**What to work on**
Your task is to output the entries below word for word.

**** Task material

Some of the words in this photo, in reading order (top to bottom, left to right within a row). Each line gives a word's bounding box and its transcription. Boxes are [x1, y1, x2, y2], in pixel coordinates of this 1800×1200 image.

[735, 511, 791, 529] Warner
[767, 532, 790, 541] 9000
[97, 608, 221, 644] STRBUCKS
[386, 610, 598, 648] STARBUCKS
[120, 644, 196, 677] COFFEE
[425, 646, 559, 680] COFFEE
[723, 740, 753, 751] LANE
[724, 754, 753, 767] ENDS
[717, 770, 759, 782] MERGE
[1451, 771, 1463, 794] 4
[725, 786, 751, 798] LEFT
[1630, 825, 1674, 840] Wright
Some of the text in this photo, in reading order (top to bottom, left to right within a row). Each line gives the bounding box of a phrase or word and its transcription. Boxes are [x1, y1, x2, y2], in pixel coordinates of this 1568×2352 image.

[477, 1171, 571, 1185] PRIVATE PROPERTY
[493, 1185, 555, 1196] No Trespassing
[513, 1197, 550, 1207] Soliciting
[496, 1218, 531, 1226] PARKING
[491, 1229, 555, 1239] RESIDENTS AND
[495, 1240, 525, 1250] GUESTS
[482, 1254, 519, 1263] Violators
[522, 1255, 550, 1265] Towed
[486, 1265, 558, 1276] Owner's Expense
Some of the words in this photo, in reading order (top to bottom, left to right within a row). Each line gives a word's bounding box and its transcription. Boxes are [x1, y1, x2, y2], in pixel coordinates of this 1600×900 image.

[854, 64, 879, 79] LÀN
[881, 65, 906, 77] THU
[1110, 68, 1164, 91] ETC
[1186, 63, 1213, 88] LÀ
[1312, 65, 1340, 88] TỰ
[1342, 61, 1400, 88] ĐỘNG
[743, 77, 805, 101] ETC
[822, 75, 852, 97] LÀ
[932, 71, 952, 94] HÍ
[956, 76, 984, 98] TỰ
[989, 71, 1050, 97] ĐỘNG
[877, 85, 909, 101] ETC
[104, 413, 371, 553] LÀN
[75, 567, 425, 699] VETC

********

**Response to this task**
Some of the words in this photo, in reading order (top to bottom, left to right within a row). Each line gives a word's bounding box and its transcription. Boxes are [x1, y1, x2, y2], in pixel coordinates of this 1800×1200 image.

[735, 511, 791, 529] Warner
[767, 532, 790, 541] 9000
[97, 608, 221, 644] STRBUCKS
[386, 610, 598, 648] STARBUCKS
[120, 644, 196, 677] COFFEE
[425, 646, 559, 680] COFFEE
[723, 740, 753, 751] LANE
[724, 754, 753, 767] ENDS
[717, 770, 759, 782] MERGE
[1451, 771, 1463, 794] 4
[725, 786, 751, 798] LEFT
[1630, 825, 1674, 840] Wright
Some of the text in this photo, in reading order (top to bottom, left to right within a row). Each line gives the bounding box of a phrase or word and its transcription. Boxes are [x1, y1, x2, y2], in pixel coordinates of this 1568×2352 image.

[477, 1171, 571, 1185] PRIVATE PROPERTY
[493, 1185, 555, 1196] No Trespassing
[513, 1197, 550, 1207] Soliciting
[496, 1218, 531, 1226] PARKING
[491, 1229, 555, 1239] RESIDENTS AND
[495, 1240, 525, 1250] GUESTS
[482, 1254, 519, 1263] Violators
[522, 1255, 550, 1265] Towed
[486, 1265, 558, 1276] Owner's Expense
Some of the words in this photo, in reading order (top to bottom, left to right within a row). Each line gives a word's bounding box and its transcription. Boxes are [x1, y1, x2, y2], in pixel coordinates of this 1600×900 image.

[854, 64, 879, 79] LÀN
[881, 65, 906, 77] THU
[1110, 68, 1164, 91] ETC
[1186, 63, 1213, 88] LÀ
[1312, 65, 1340, 88] TỰ
[1342, 61, 1400, 88] ĐỘNG
[743, 77, 805, 101] ETC
[822, 75, 852, 97] LÀ
[932, 71, 952, 94] HÍ
[956, 76, 984, 98] TỰ
[989, 71, 1050, 97] ĐỘNG
[877, 85, 909, 101] ETC
[104, 413, 371, 553] LÀN
[75, 567, 425, 699] VETC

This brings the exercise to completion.